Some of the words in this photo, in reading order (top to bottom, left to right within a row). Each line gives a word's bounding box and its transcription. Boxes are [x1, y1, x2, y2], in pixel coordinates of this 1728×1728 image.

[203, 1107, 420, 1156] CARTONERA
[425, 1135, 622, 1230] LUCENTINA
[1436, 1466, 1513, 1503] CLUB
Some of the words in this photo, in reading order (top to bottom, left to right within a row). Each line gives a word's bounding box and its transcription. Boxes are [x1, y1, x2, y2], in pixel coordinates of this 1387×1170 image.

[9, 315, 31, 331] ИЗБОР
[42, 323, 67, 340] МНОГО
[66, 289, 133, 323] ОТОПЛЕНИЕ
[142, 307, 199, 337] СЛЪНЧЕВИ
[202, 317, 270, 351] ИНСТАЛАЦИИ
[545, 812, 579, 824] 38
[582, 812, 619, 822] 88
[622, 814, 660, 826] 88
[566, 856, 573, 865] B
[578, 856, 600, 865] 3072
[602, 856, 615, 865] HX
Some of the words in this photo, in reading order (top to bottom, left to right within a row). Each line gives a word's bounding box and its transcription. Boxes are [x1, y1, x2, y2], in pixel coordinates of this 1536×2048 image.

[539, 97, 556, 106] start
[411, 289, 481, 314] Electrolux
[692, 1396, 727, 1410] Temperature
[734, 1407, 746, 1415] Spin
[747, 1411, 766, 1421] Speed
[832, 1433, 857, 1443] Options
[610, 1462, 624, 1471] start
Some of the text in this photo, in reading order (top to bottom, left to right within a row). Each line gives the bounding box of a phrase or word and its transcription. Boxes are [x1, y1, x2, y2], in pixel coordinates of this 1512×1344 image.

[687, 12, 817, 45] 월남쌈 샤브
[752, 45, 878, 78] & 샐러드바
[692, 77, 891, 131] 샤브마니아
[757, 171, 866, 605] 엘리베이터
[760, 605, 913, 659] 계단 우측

◆ Exercise details
Go through the listing above and copy each line exactly.

◆ Expected output
Some of the words in this photo, in reading order (top to bottom, left to right within a row). Each line gives a word's bounding box and its transcription. Boxes are [x1, y1, x2, y2], in pixel coordinates of this 1728×1728 image.

[203, 1107, 420, 1156] CARTONERA
[425, 1135, 622, 1230] LUCENTINA
[1436, 1466, 1513, 1503] CLUB
Some of the words in this photo, in reading order (top to bottom, left to right within a row). Each line gives a word's bounding box and its transcription. Boxes are [x1, y1, x2, y2], in pixel coordinates of this 1387×1170 image.

[9, 315, 31, 331] ИЗБОР
[42, 323, 67, 340] МНОГО
[66, 289, 133, 323] ОТОПЛЕНИЕ
[142, 307, 199, 337] СЛЪНЧЕВИ
[202, 317, 270, 351] ИНСТАЛАЦИИ
[545, 812, 579, 824] 38
[582, 812, 619, 822] 88
[622, 814, 660, 826] 88
[566, 856, 573, 865] B
[578, 856, 600, 865] 3072
[602, 856, 615, 865] HX
Some of the words in this photo, in reading order (top to bottom, left to right within a row). Each line gives a word's bounding box and its transcription. Boxes are [x1, y1, x2, y2], in pixel coordinates of this 1536×2048 image.

[539, 97, 556, 106] start
[411, 289, 481, 314] Electrolux
[692, 1396, 727, 1410] Temperature
[734, 1407, 746, 1415] Spin
[747, 1411, 766, 1421] Speed
[832, 1433, 857, 1443] Options
[610, 1462, 624, 1471] start
Some of the text in this photo, in reading order (top to bottom, left to right within a row). Each line gives the bounding box of a phrase or word and its transcription. Boxes are [x1, y1, x2, y2], in pixel coordinates of this 1512×1344 image.

[687, 12, 817, 45] 월남쌈 샤브
[752, 45, 878, 78] & 샐러드바
[692, 77, 891, 131] 샤브마니아
[757, 171, 866, 605] 엘리베이터
[760, 605, 913, 659] 계단 우측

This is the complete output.